__What the task requires__: Please reproduce the entries below exactly as they stand, but leave the pictures out.

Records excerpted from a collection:
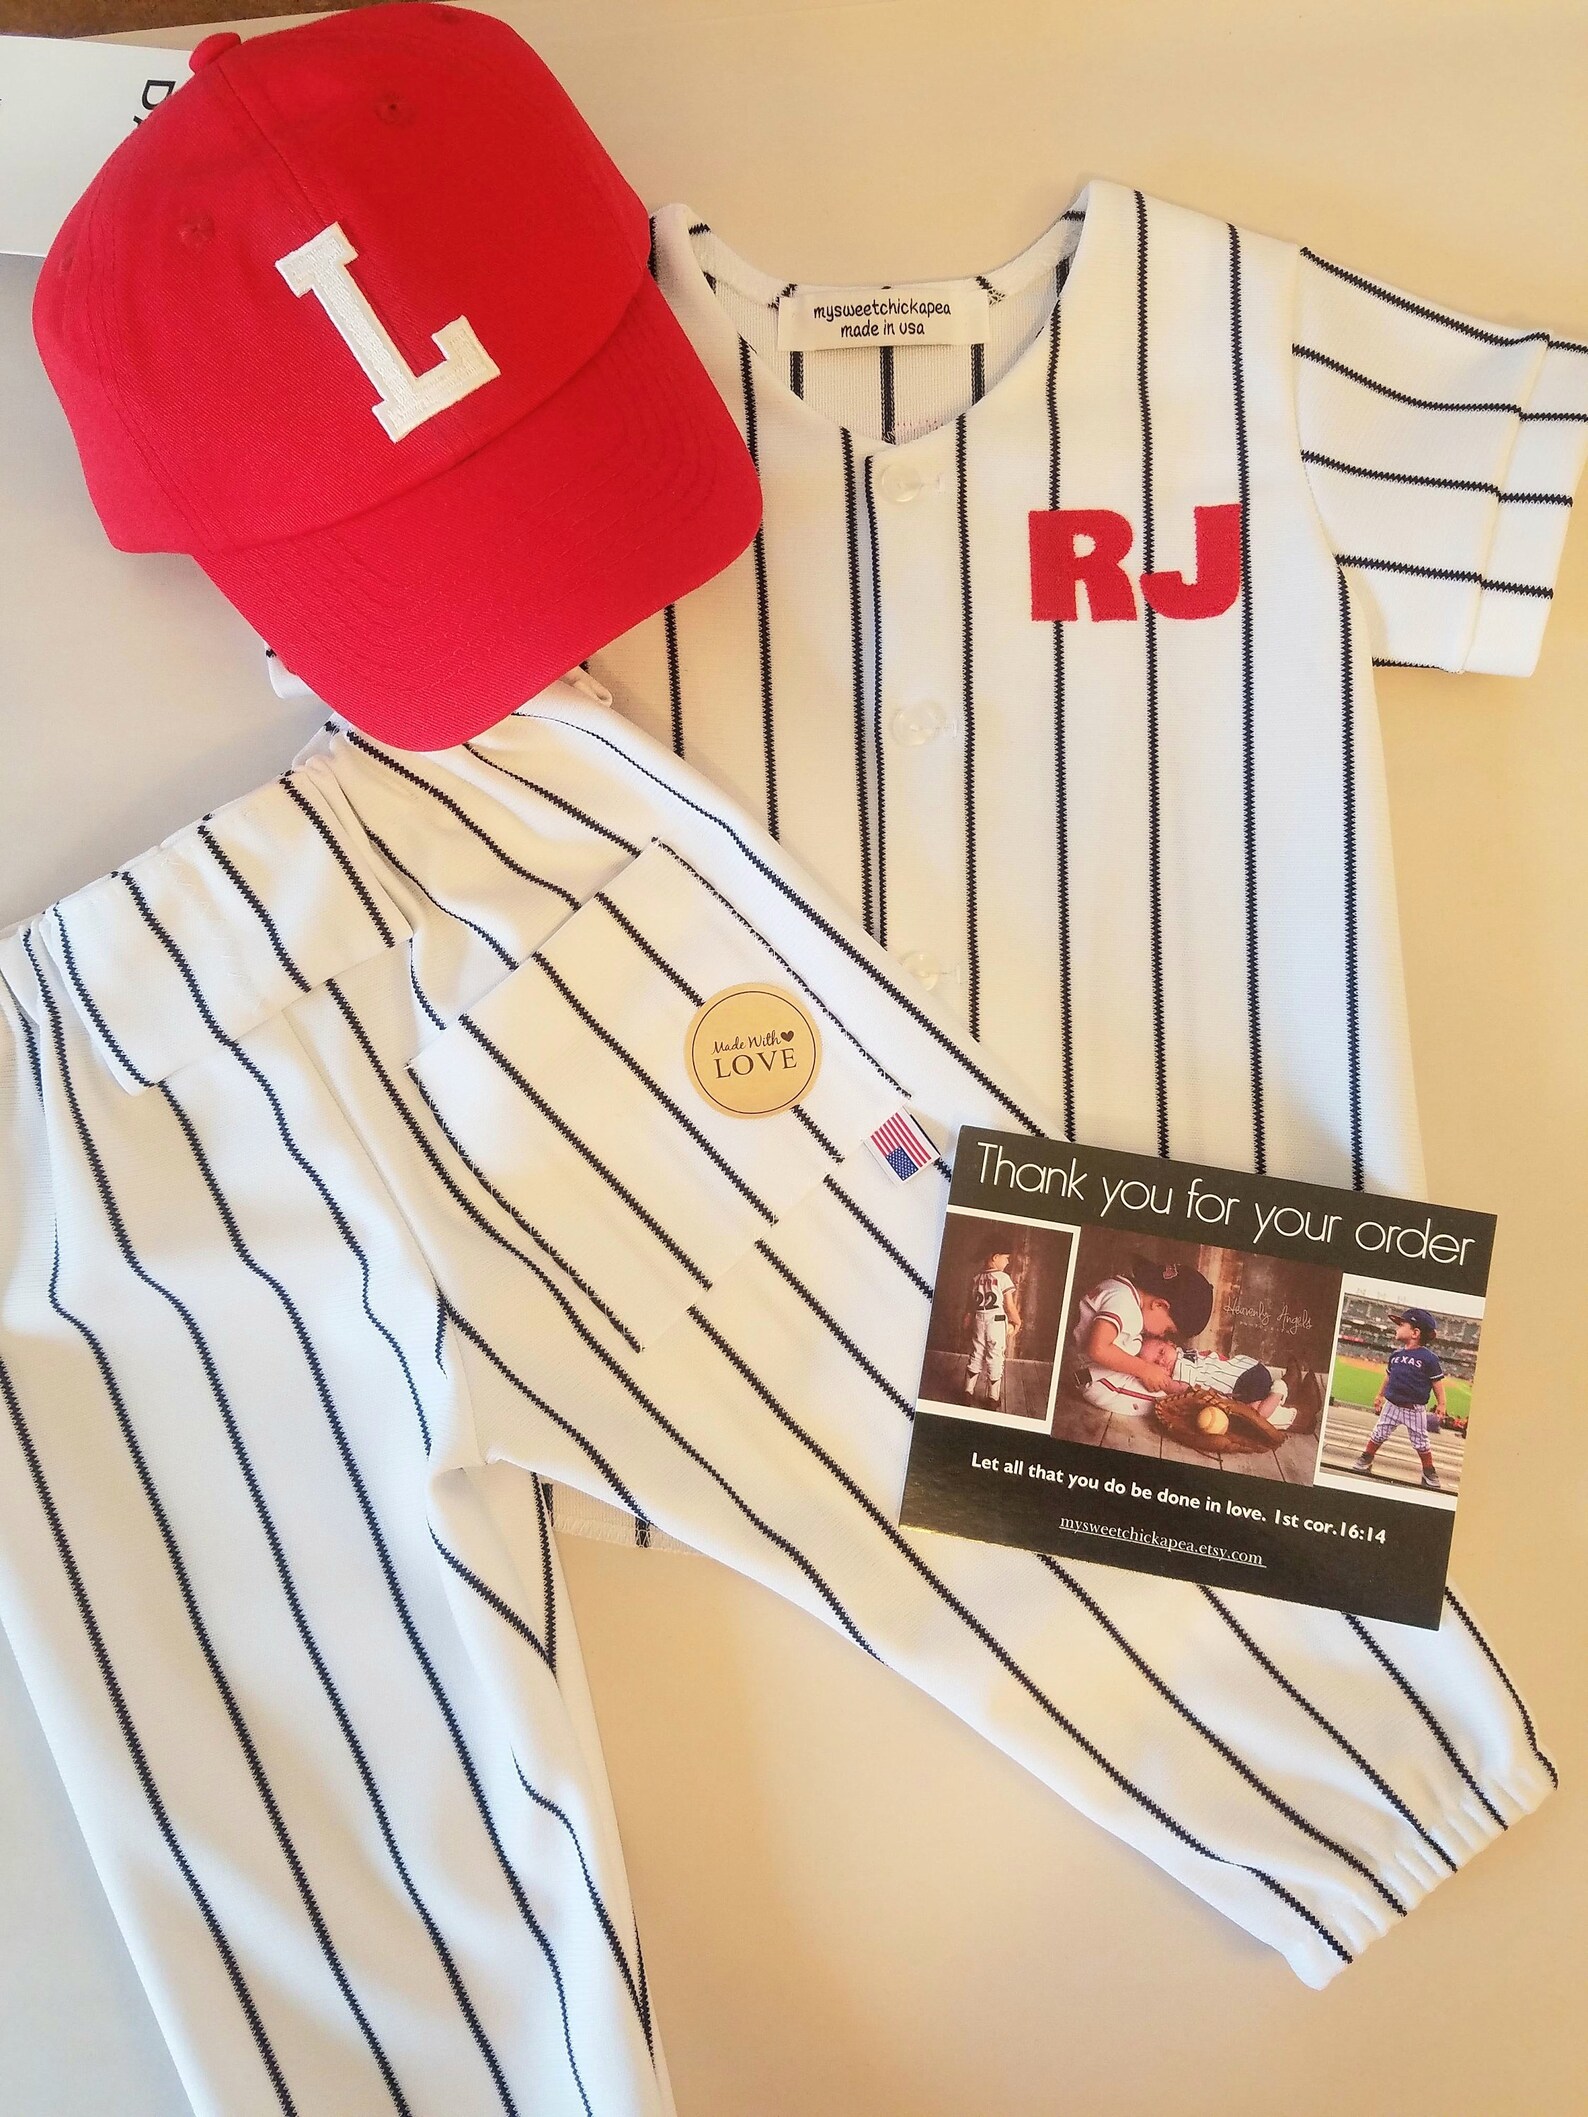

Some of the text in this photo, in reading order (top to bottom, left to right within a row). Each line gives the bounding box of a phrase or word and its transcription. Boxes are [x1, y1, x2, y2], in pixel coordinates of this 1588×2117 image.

[275, 221, 501, 444] L
[813, 298, 951, 322] mysweetchickapea
[840, 319, 925, 338] made in usa
[1027, 503, 1242, 622] RJ
[711, 1030, 781, 1054] Made With
[714, 1048, 797, 1079] LOVE
[977, 1142, 1476, 1266] Thank you for your order
[971, 1452, 999, 1472] Let
[1003, 1459, 1024, 1476] all
[1028, 1463, 1064, 1483] that
[1067, 1473, 1099, 1490] you
[1104, 1478, 1126, 1495] do
[1131, 1482, 1152, 1500] be
[1157, 1488, 1200, 1509] done
[1205, 1496, 1221, 1514] in
[1226, 1500, 1266, 1522] love.
[1059, 1517, 1266, 1567] mysweetchickapea.etsy.com

__Response box__:
Some of the text in this photo, in reading order (top to bottom, left to right within a row). Each line gives the bounding box of a phrase or word and its transcription. Boxes are [x1, y1, x2, y2], in pixel coordinates of this 1588×2117 image.

[275, 221, 501, 444] L
[813, 298, 951, 322] mysweetchickapea
[840, 319, 925, 338] made in usa
[1027, 503, 1242, 622] RJ
[711, 1030, 781, 1054] Made With
[714, 1048, 797, 1079] LOVE
[977, 1142, 1476, 1266] Thank you for your order
[971, 1452, 999, 1472] Let
[1003, 1459, 1024, 1476] all
[1028, 1463, 1064, 1483] that
[1067, 1473, 1099, 1490] you
[1104, 1478, 1126, 1495] do
[1131, 1482, 1152, 1500] be
[1157, 1488, 1200, 1509] done
[1205, 1496, 1221, 1514] in
[1226, 1500, 1266, 1522] love.
[1059, 1517, 1266, 1567] mysweetchickapea.etsy.com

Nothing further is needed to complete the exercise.